__Work request__:
I need all of the entries printed exactly.

Top of Exercise inputs

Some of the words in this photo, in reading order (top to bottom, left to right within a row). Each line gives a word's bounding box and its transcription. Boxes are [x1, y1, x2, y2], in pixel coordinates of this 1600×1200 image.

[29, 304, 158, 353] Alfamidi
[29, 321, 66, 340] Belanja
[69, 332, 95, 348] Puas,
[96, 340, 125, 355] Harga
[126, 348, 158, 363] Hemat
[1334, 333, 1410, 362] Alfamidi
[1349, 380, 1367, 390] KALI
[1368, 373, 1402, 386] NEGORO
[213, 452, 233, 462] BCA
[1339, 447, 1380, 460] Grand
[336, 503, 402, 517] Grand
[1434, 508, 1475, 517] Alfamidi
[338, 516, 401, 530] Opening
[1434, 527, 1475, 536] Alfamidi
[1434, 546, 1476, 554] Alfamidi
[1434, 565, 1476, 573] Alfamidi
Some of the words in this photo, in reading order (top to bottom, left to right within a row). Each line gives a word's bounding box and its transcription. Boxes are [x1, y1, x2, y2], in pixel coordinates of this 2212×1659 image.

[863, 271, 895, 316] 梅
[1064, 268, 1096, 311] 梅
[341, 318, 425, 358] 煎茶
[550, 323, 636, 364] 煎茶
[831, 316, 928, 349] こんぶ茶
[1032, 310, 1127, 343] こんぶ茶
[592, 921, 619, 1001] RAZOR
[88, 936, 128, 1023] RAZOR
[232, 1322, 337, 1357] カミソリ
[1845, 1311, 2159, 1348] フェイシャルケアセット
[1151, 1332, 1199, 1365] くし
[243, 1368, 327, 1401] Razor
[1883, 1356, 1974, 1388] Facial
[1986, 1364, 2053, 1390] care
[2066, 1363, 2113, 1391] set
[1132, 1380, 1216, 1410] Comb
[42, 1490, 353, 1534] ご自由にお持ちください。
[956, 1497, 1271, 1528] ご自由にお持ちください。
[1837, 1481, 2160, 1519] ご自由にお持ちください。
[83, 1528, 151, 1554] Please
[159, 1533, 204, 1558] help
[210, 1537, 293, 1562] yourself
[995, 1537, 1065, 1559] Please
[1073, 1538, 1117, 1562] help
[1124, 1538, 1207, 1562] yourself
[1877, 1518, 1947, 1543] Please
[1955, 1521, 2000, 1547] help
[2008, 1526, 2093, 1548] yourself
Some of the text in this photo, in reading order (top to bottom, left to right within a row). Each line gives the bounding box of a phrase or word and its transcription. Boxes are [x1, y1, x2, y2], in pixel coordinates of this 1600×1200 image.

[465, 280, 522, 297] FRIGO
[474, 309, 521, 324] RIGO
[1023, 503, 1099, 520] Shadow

Bottom of Exercise inputs

__Answer below__:
Some of the words in this photo, in reading order (top to bottom, left to right within a row). Each line gives a word's bounding box and its transcription. Boxes are [x1, y1, x2, y2], in pixel coordinates of this 1600×1200 image.

[29, 304, 158, 353] Alfamidi
[29, 321, 66, 340] Belanja
[69, 332, 95, 348] Puas,
[96, 340, 125, 355] Harga
[126, 348, 158, 363] Hemat
[1334, 333, 1410, 362] Alfamidi
[1349, 380, 1367, 390] KALI
[1368, 373, 1402, 386] NEGORO
[213, 452, 233, 462] BCA
[1339, 447, 1380, 460] Grand
[336, 503, 402, 517] Grand
[1434, 508, 1475, 517] Alfamidi
[338, 516, 401, 530] Opening
[1434, 527, 1475, 536] Alfamidi
[1434, 546, 1476, 554] Alfamidi
[1434, 565, 1476, 573] Alfamidi
Some of the words in this photo, in reading order (top to bottom, left to right within a row). Each line gives a word's bounding box and its transcription. Boxes are [x1, y1, x2, y2], in pixel coordinates of this 2212×1659 image.

[863, 271, 895, 316] 梅
[1064, 268, 1096, 311] 梅
[341, 318, 425, 358] 煎茶
[550, 323, 636, 364] 煎茶
[831, 316, 928, 349] こんぶ茶
[1032, 310, 1127, 343] こんぶ茶
[592, 921, 619, 1001] RAZOR
[88, 936, 128, 1023] RAZOR
[232, 1322, 337, 1357] カミソリ
[1845, 1311, 2159, 1348] フェイシャルケアセット
[1151, 1332, 1199, 1365] くし
[243, 1368, 327, 1401] Razor
[1883, 1356, 1974, 1388] Facial
[1986, 1364, 2053, 1390] care
[2066, 1363, 2113, 1391] set
[1132, 1380, 1216, 1410] Comb
[42, 1490, 353, 1534] ご自由にお持ちください。
[956, 1497, 1271, 1528] ご自由にお持ちください。
[1837, 1481, 2160, 1519] ご自由にお持ちください。
[83, 1528, 151, 1554] Please
[159, 1533, 204, 1558] help
[210, 1537, 293, 1562] yourself
[995, 1537, 1065, 1559] Please
[1073, 1538, 1117, 1562] help
[1124, 1538, 1207, 1562] yourself
[1877, 1518, 1947, 1543] Please
[1955, 1521, 2000, 1547] help
[2008, 1526, 2093, 1548] yourself
Some of the text in this photo, in reading order (top to bottom, left to right within a row). Each line gives the bounding box of a phrase or word and its transcription. Boxes are [x1, y1, x2, y2], in pixel coordinates of this 1600×1200 image.

[465, 280, 522, 297] FRIGO
[474, 309, 521, 324] RIGO
[1023, 503, 1099, 520] Shadow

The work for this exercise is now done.